Cerca de 50% dos pacientes, no entanto, precisam trocar a válvula. Nessa reposição normalmente usam-se modelos mecânicos ou biológicos (de tecidos animais, em geral do pericárdio de boi) e de doadores humanos. As de origem animal duram, em média, 12 anos para pacientes adultos. Depois têm de ser substituídas. Os tipos metálicos duram mais, mas exigem uso permanente de drogas anticoagulantes porque elevam o risco de formação de coágulos sangüíneos. Já os enxertos feitos com material de doadores humanos duram cerca de 25 anos. Se o corpo não os identificasse como células estranhas, durariam mais. A válvula desenvolvida pelo grupo do cardiologista Francisco Diniz Affonso da Costa vence exatamente esse obstáculo. Os cientistas conseguiram tornar as válvulas de doadores humanos mais duráveis usando células do próprio receptor.

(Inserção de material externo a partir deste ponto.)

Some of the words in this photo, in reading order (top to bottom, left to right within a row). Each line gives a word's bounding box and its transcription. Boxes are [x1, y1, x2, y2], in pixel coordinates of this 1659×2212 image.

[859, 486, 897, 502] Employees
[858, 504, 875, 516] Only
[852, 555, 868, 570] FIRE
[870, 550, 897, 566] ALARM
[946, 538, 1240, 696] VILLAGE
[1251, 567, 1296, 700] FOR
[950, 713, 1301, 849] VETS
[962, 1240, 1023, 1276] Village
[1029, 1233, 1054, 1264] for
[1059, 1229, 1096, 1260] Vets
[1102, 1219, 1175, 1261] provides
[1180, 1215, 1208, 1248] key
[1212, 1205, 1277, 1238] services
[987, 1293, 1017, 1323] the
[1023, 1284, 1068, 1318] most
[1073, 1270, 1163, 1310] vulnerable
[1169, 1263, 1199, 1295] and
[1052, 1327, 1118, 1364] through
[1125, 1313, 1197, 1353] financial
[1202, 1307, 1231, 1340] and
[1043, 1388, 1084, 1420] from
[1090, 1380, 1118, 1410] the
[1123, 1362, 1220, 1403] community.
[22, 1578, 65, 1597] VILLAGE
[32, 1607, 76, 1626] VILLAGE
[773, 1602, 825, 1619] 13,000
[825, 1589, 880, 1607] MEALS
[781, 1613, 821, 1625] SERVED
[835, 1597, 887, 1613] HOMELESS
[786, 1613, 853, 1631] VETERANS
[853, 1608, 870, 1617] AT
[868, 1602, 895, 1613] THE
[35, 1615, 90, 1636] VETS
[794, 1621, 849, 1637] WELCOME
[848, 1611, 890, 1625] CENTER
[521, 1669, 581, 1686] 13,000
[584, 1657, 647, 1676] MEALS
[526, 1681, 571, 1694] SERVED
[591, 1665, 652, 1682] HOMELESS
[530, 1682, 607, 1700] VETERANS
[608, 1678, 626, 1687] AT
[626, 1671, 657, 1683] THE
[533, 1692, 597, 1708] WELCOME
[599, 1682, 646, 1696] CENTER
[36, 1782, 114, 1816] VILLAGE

Na primeira fase, os médicos removem os tecidos da válvula do doador até sobrar apenas sua estrutura. O objetivo é diminuir o combate lento do corpo às células estranhas a ele. Em seguida, retiram células endoteliais (revestem os vasos sangüíneos), da veia safena do paciente. O material é usado para recobrir a estrutura da válvula extraída do doador. “Dessa maneira, a estrutura é melhor aceita pelo corpo. Ela pode se regenerar como os outros órgãos”, diz Costa. Essa cirurgia foi feita em cinco pacientes. O catarinense Wilson Antenor, 35 anos, é um dos contemplados com o novo modelo. A operação aconteceu há oito meses, depois que Antenor começou a se sentir cada vez mais cansado e com falta de ar. “Minha válvula cardíaca não funcionava bem. Se não fizesse a cirurgia, em dois meses deixaria de caminhar”, diz ele. Outro recurso recente para reparar os tecidos do coração está sendo testado por pesquisadores americanos do Children’s Hospital, em Boston.

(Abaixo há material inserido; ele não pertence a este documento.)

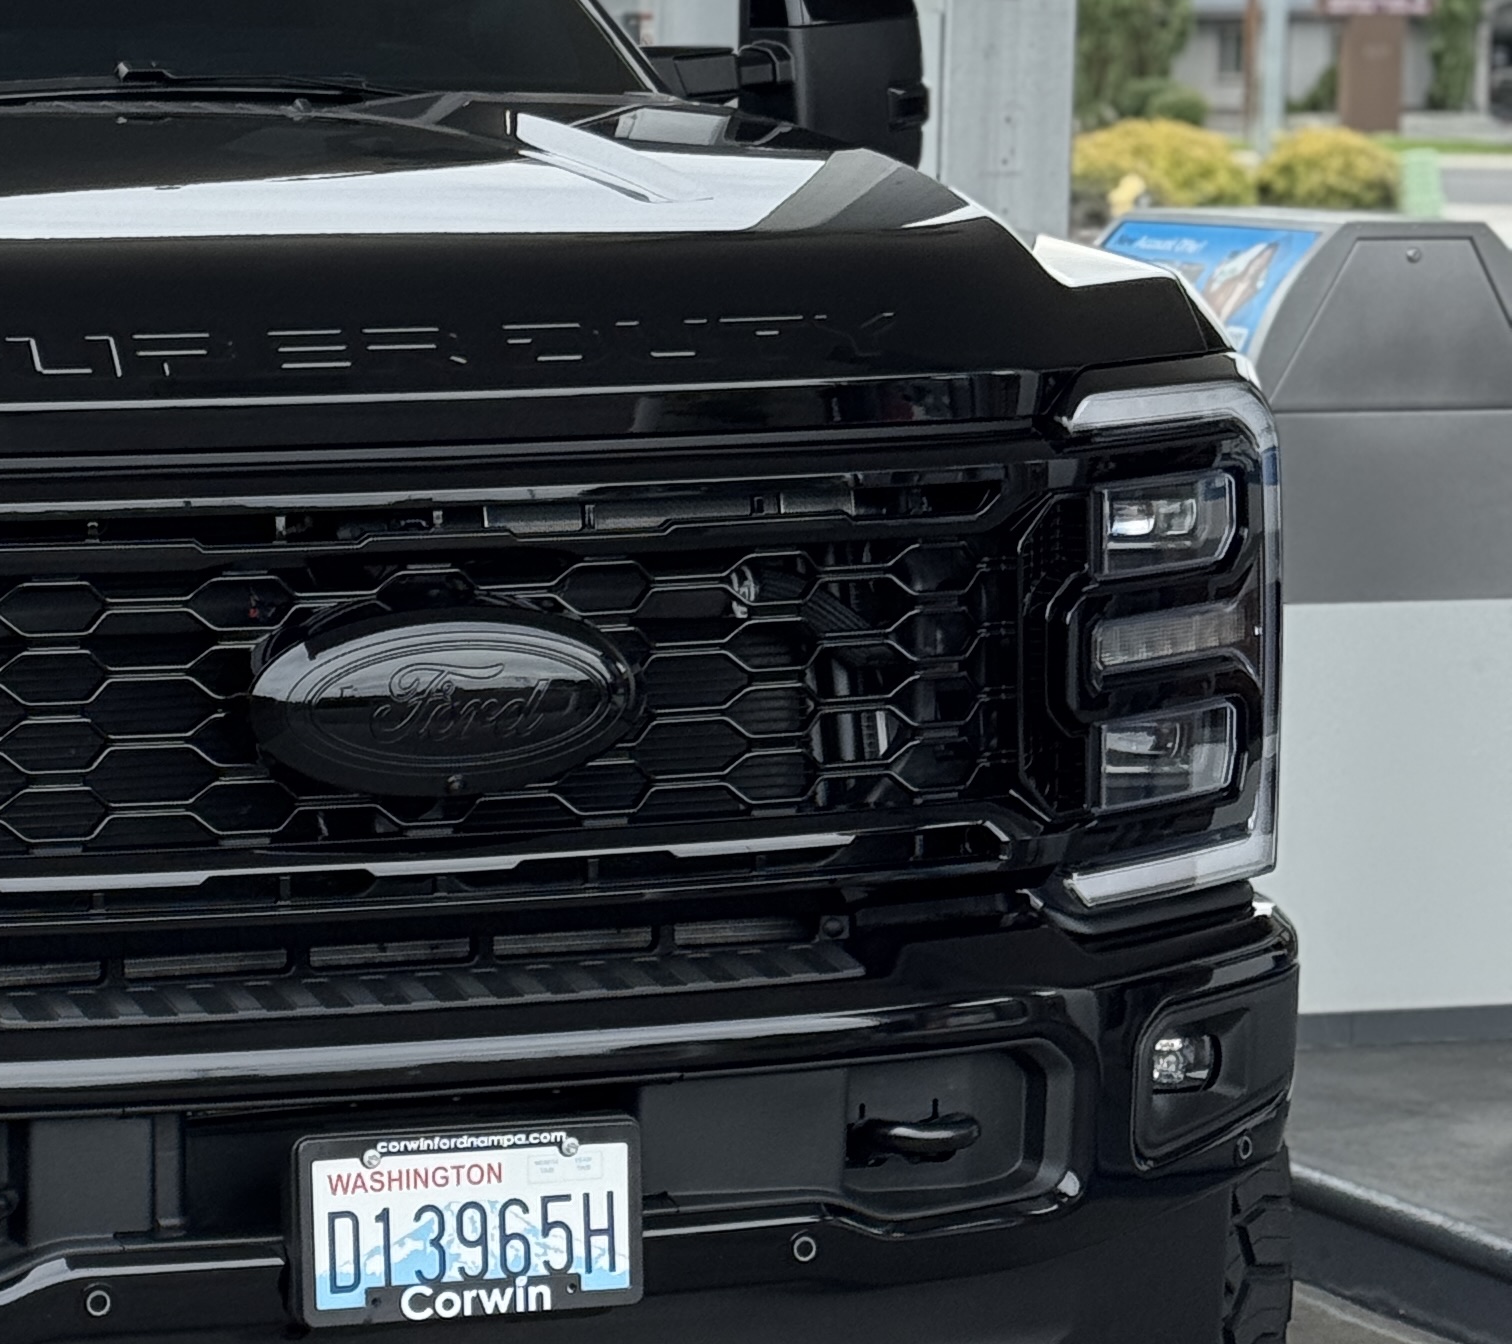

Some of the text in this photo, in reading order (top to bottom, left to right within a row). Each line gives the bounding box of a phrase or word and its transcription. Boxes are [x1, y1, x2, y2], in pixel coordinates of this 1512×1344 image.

Eles estão animados com os resultados de estudos em ratos mostrando que a colocação de uma espécie de esponja embebida em periostina (proteína existente no tecido ao redor dos ossos) perto da área lesada estimula a produção de células musculares. “Normalmente os corações humanos adultos não se regeneram porque não fabricam mais essas células. Seria desejável induzi-los a fabricá-las novamente depois de uma lesão”, diz Bernhard Kuhn, do Departamento de Cardiologia do Hospital Infantil de Boston. A aposta na célula-tronco O uso de células-tronco no tratamento de doenças cardíacas já é feito no Brasil.

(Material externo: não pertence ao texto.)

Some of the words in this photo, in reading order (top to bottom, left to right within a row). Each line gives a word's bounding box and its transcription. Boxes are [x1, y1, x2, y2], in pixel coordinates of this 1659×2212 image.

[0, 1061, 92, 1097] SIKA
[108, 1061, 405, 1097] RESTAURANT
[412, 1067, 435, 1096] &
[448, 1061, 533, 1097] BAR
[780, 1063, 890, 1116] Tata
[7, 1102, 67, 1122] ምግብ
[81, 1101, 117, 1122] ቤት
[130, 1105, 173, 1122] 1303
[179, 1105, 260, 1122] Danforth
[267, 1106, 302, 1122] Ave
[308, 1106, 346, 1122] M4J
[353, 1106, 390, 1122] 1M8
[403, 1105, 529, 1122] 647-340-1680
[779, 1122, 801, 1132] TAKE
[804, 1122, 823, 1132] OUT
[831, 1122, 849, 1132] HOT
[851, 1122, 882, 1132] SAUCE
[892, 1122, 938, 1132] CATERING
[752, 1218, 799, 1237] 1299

Elas ajudam na regeneração dos tecidos. Mas uma nova técnica, que associa célulastronco com células que dão origem aos músculos, está sendo usada em pessoas que tiveram doenças em que a falta de irrigação sangüínea causou a morte dos tecidos. O ineditismo do trabalho, feito na PUC do Paraná, é o uso combinado das células- tronco tiradas da medula óssea com as músculo-esqueléticas. O método foi aplicado em dez pacientes e mostrou-se animador. “As células músculo-esqueléticas funcionam na regeneração dos músculos. A associação das duas pode garantir melhor resultado”, diz Luiz César Souza, coordenador da pesquisa. O próximo passo será avaliar a técnica em portadores da doença de Chagas, que faz o coração crescer e perder a força.